START Data for processing

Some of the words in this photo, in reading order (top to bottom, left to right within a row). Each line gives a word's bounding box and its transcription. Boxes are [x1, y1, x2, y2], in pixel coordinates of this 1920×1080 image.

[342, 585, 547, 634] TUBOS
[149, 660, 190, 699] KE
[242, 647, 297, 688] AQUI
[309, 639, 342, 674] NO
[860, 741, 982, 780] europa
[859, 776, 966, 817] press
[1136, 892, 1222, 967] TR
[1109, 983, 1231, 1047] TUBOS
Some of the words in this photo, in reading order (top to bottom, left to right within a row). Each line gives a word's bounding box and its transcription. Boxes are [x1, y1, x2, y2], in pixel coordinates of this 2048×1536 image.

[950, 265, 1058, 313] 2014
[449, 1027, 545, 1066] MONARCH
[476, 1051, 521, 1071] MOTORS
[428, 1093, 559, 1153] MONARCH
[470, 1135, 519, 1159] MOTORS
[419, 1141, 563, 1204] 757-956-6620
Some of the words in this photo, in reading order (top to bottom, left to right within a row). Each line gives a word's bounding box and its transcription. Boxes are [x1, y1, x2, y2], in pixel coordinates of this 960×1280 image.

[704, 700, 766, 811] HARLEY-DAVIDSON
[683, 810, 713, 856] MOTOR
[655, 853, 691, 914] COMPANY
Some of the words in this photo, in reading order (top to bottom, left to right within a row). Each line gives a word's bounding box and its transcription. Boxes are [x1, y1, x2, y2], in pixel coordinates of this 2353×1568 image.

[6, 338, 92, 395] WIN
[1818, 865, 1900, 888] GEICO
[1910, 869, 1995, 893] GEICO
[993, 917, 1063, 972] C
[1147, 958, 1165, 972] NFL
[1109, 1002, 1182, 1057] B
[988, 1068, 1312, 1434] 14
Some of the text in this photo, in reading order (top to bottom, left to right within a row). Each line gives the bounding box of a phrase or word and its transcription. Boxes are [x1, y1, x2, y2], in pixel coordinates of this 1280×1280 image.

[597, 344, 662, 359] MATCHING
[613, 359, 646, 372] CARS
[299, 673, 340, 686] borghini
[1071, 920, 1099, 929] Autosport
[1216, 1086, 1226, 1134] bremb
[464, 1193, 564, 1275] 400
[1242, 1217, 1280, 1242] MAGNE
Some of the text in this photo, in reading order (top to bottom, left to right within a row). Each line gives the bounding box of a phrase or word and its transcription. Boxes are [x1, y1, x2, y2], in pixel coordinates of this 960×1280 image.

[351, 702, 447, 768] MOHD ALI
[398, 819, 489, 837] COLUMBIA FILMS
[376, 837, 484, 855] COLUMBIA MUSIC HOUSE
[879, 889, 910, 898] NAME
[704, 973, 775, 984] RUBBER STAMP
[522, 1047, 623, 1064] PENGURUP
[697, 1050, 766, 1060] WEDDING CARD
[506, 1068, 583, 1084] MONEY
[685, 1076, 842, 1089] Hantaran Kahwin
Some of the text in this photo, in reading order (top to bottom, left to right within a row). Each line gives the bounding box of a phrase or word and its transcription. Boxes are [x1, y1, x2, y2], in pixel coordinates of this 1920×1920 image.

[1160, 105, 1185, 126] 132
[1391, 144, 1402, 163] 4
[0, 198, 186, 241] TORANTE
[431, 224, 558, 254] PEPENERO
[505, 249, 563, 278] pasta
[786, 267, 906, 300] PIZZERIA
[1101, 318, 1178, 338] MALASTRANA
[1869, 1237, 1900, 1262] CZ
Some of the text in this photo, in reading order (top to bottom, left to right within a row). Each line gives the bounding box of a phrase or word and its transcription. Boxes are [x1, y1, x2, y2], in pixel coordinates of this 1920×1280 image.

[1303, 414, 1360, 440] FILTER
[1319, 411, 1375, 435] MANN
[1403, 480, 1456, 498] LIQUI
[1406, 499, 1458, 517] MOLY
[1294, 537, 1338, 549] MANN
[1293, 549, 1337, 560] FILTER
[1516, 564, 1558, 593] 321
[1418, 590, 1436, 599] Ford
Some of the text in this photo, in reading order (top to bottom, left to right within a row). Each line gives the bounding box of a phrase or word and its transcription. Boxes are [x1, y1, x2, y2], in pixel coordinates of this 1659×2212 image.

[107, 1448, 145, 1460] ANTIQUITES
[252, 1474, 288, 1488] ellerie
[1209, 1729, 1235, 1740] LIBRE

END Data for processing

*What needs to be done*
Reproduce the data exactly, omitting nothing.

*Result*
Some of the words in this photo, in reading order (top to bottom, left to right within a row). Each line gives a word's bounding box and its transcription. Boxes are [x1, y1, x2, y2], in pixel coordinates of this 1920×1080 image.

[342, 585, 547, 634] TUBOS
[149, 660, 190, 699] KE
[242, 647, 297, 688] AQUI
[309, 639, 342, 674] NO
[860, 741, 982, 780] europa
[859, 776, 966, 817] press
[1136, 892, 1222, 967] TR
[1109, 983, 1231, 1047] TUBOS
Some of the words in this photo, in reading order (top to bottom, left to right within a row). Each line gives a word's bounding box and its transcription. Boxes are [x1, y1, x2, y2], in pixel coordinates of this 2048×1536 image.

[950, 265, 1058, 313] 2014
[449, 1027, 545, 1066] MONARCH
[476, 1051, 521, 1071] MOTORS
[428, 1093, 559, 1153] MONARCH
[470, 1135, 519, 1159] MOTORS
[419, 1141, 563, 1204] 757-956-6620
Some of the words in this photo, in reading order (top to bottom, left to right within a row). Each line gives a word's bounding box and its transcription. Boxes are [x1, y1, x2, y2], in pixel coordinates of this 960×1280 image.

[704, 700, 766, 811] HARLEY-DAVIDSON
[683, 810, 713, 856] MOTOR
[655, 853, 691, 914] COMPANY
Some of the words in this photo, in reading order (top to bottom, left to right within a row). Each line gives a word's bounding box and its transcription. Boxes are [x1, y1, x2, y2], in pixel coordinates of this 2353×1568 image.

[6, 338, 92, 395] WIN
[1818, 865, 1900, 888] GEICO
[1910, 869, 1995, 893] GEICO
[993, 917, 1063, 972] C
[1147, 958, 1165, 972] NFL
[1109, 1002, 1182, 1057] B
[988, 1068, 1312, 1434] 14
Some of the text in this photo, in reading order (top to bottom, left to right within a row). Each line gives the bounding box of a phrase or word and its transcription. Boxes are [x1, y1, x2, y2], in pixel coordinates of this 1280×1280 image.

[597, 344, 662, 359] MATCHING
[613, 359, 646, 372] CARS
[299, 673, 340, 686] borghini
[1071, 920, 1099, 929] Autosport
[1216, 1086, 1226, 1134] bremb
[464, 1193, 564, 1275] 400
[1242, 1217, 1280, 1242] MAGNE
Some of the text in this photo, in reading order (top to bottom, left to right within a row). Each line gives the bounding box of a phrase or word and its transcription. Boxes are [x1, y1, x2, y2], in pixel coordinates of this 960×1280 image.

[351, 702, 447, 768] MOHD ALI
[398, 819, 489, 837] COLUMBIA FILMS
[376, 837, 484, 855] COLUMBIA MUSIC HOUSE
[879, 889, 910, 898] NAME
[704, 973, 775, 984] RUBBER STAMP
[522, 1047, 623, 1064] PENGURUP
[697, 1050, 766, 1060] WEDDING CARD
[506, 1068, 583, 1084] MONEY
[685, 1076, 842, 1089] Hantaran Kahwin
Some of the text in this photo, in reading order (top to bottom, left to right within a row). Each line gives the bounding box of a phrase or word and its transcription. Boxes are [x1, y1, x2, y2], in pixel coordinates of this 1920×1920 image.

[1160, 105, 1185, 126] 132
[1391, 144, 1402, 163] 4
[0, 198, 186, 241] TORANTE
[431, 224, 558, 254] PEPENERO
[505, 249, 563, 278] pasta
[786, 267, 906, 300] PIZZERIA
[1101, 318, 1178, 338] MALASTRANA
[1869, 1237, 1900, 1262] CZ
Some of the text in this photo, in reading order (top to bottom, left to right within a row). Each line gives the bounding box of a phrase or word and its transcription. Boxes are [x1, y1, x2, y2], in pixel coordinates of this 1920×1280 image.

[1303, 414, 1360, 440] FILTER
[1319, 411, 1375, 435] MANN
[1403, 480, 1456, 498] LIQUI
[1406, 499, 1458, 517] MOLY
[1294, 537, 1338, 549] MANN
[1293, 549, 1337, 560] FILTER
[1516, 564, 1558, 593] 321
[1418, 590, 1436, 599] Ford
Some of the text in this photo, in reading order (top to bottom, left to right within a row). Each line gives the bounding box of a phrase or word and its transcription. Boxes are [x1, y1, x2, y2], in pixel coordinates of this 1659×2212 image.

[107, 1448, 145, 1460] ANTIQUITES
[252, 1474, 288, 1488] ellerie
[1209, 1729, 1235, 1740] LIBRE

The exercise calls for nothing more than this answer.